I was a fourth-generation New Yorker, able to navigate a dozen paths crosstown in the event of a water-main break, but ignorant of all I was ignorant of, as all people are.
Then I moved to Minnesota for college, where I learned what was in the great outdoors. Trees. Birds. Farms. I learned to appreciate the better meats and cheeses.
Yet my real eureka moment came when I was invited to see a lovingly restored prairie, not too far from the shores of the Mississippi River.
Giant bees the size of my thumb buzzed by, with a low-throbbing music like a motorboat. Little metallic-green bees flashed like glitter in the air. Honeybees busily worked the flowers while dragonflies patrolled the skies. Every square foot was a carnival of inexpressible zinging, flying movement.
My host said some important things about soil health, but I only caught a portion of it because my jaw was on the ground: This was life? This was nature? It was as if I had lived my whole life in black and white and suddenly could see the world in color.
I had never even begun to imagine such a diversity of bees, such an explosion of life. How many bees are there, anyway?
The answer: fewer than there have ever been in modern America.
“There used to be 5 million hives in America after World War II,” says Brian Fredericksen, a resolutely local beekeeper and owner of Ames Farm Honey, near Minneapolis. “Now we’re down to half of that.”

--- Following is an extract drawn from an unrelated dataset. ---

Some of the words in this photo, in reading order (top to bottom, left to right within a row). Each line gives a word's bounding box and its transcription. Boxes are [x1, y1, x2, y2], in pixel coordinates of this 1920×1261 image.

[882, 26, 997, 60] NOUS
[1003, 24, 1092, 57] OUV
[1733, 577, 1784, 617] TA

With the decline of local bees comes the decline in quality of the average supermarket honey. I suspect that a good part of the reason for this is that more Americans are growing up like I did: in a world of innumerable screens, where we leave those screens to visit various retail destinations where saffron and wasabi and honey are just interesting words that differentiate protein bowls.
Yet here’s what honey really is: a little-appreciated miracle.
How Honey Is Made
Many wild species of bees make honey to feed their young as well as themselves in times of famine. Yet only the honeybee, Apis mellifera, lives in big enough groups to make honey in quantities that humans find useful.

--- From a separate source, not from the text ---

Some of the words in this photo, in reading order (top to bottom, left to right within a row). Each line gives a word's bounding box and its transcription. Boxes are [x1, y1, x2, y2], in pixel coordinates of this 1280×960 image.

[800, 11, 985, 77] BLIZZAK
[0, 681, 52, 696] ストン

Before the advent of beekeeping, honeybees built their hives in the hollows of trees. Modern beekeeping involves creating spaces where honeybees can live and make honey outside of trees.
When bees made too much honey in the wild, the surplus would inspire a swarm. A good portion of the colony would then buzz off to start a new one. In a beekeeper’s hive, surplus honey is removed and sold, and the bees stay and keep working.

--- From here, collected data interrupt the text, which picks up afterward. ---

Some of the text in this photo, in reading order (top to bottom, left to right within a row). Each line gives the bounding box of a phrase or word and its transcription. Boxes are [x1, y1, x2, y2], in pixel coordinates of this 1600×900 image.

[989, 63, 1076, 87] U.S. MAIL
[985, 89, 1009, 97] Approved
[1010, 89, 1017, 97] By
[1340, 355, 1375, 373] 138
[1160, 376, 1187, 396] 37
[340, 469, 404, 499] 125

From a bee’s perspective, honey is made and used as follows: Plants that want to make more plants require pollination. This involves an exchange of pollen within their own species, which is achieved by the action of wind (how corn and lawn grass do it), or by pollinators that carry plant pollen around directly.
To lure these pollinators, plants offer nectar. Some (such as roses) publicize their stock by setting up a big, showy billboard; others (like willow) simply produce so much that pollinators can smell it. Honeybees, and all pollinators, come to get this nectar, which is their food.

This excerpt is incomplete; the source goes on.